Researchers from the University of Catania in Italy added extra-virgin olive oil (or EVOO) to the diets of rats that had a joint injury. After eight weeks on the EVOO diet, those rats had significantly higher levels of lubricin, a protein in the synovial fluid that protects cartilage and serves as a lubricant, compared with animals fed a standard diet. Add EVOO to salad dressings, pastas, and vegetable sautés.
This cultured milk supplies an array of healthy bacteria, including one strain called L. casei. In one study, participants were given a daily dose of L. casei for two months. At the end of the study, they had lower levels of inflammatory markers and less joint stiffness than a placebo group. Pour kefir over cereal or add to smoothies. Unsweetened brands contain more bacteria and less sugar than sweetened versions.
In one study, subjects with osteoarthritic knee pain who took a daily orange-peel extract for eight weeks reported a drop in knee pain and had lower levels of an inflammatory compound than a placebo group. The effect was due to a bioflavonoid in citrus called nobiletin. When peeling, leave the white "fuzzy stuff" (albedo layer) on. Use whole oranges (peel and all) in smoothies to get maximum bioflavonoid content.
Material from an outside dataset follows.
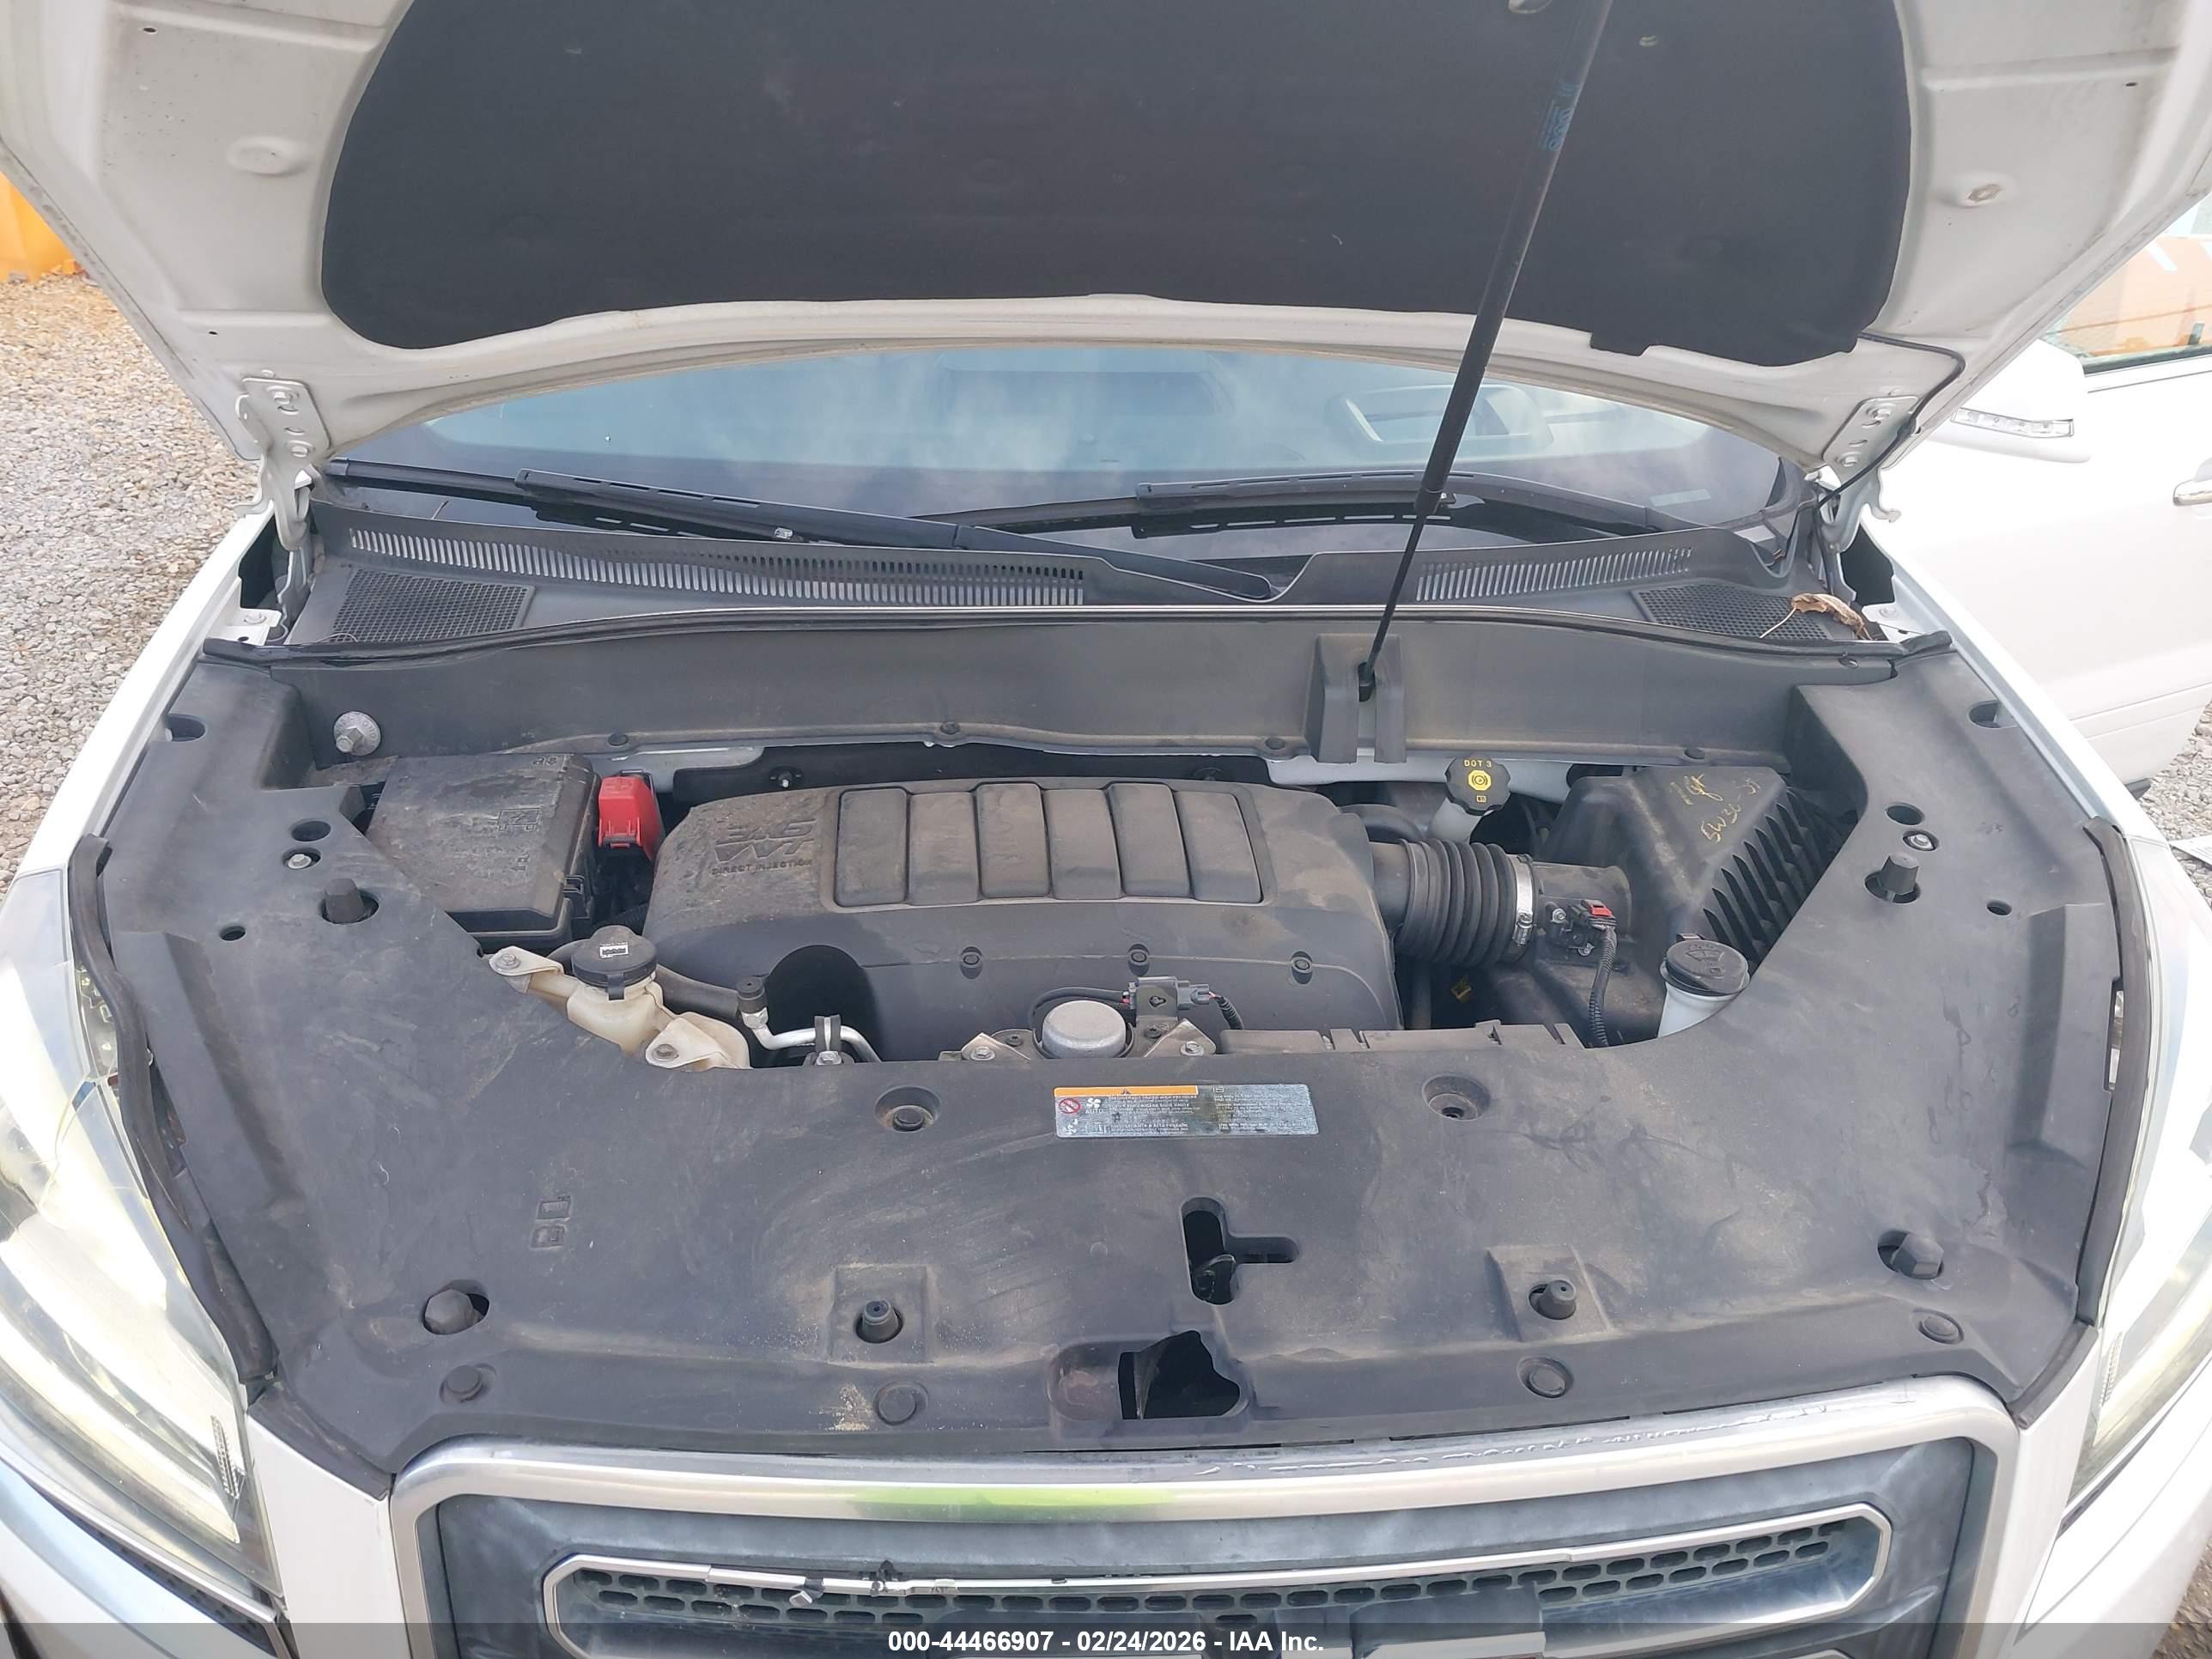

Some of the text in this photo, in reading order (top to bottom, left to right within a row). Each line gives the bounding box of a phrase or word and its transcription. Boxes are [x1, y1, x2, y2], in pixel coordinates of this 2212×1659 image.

[1463, 759, 1483, 768] DOT
[711, 858, 812, 876] DIRECT INJECTION
This fish is a stellar source of omega-3 fats. Studies with omega-3 supplementation show that this fat triggers a series of key reactions that lead to less joint inflammation, especially in those who suffer from arthritis. Research shows that people taking daily fish-oil supplements can typically decrease their use of NSAID drugs, such as ibuprofen. Fresh is great, but canned varieties are just as rich in omegas.
In a study on people with osteoarthritic knee pain, taking a turmeric extract for six weeks helped minimize discomfort as much as taking 800 mg daily of ibuprofen. That's because turmeric is rich in a potent antioxidant called curcumin that can decrease the amount of inflammatory compounds in cartilage cells. Add turmeric to rice, beans, stir-frys, and salad dressings for a color and joint boost.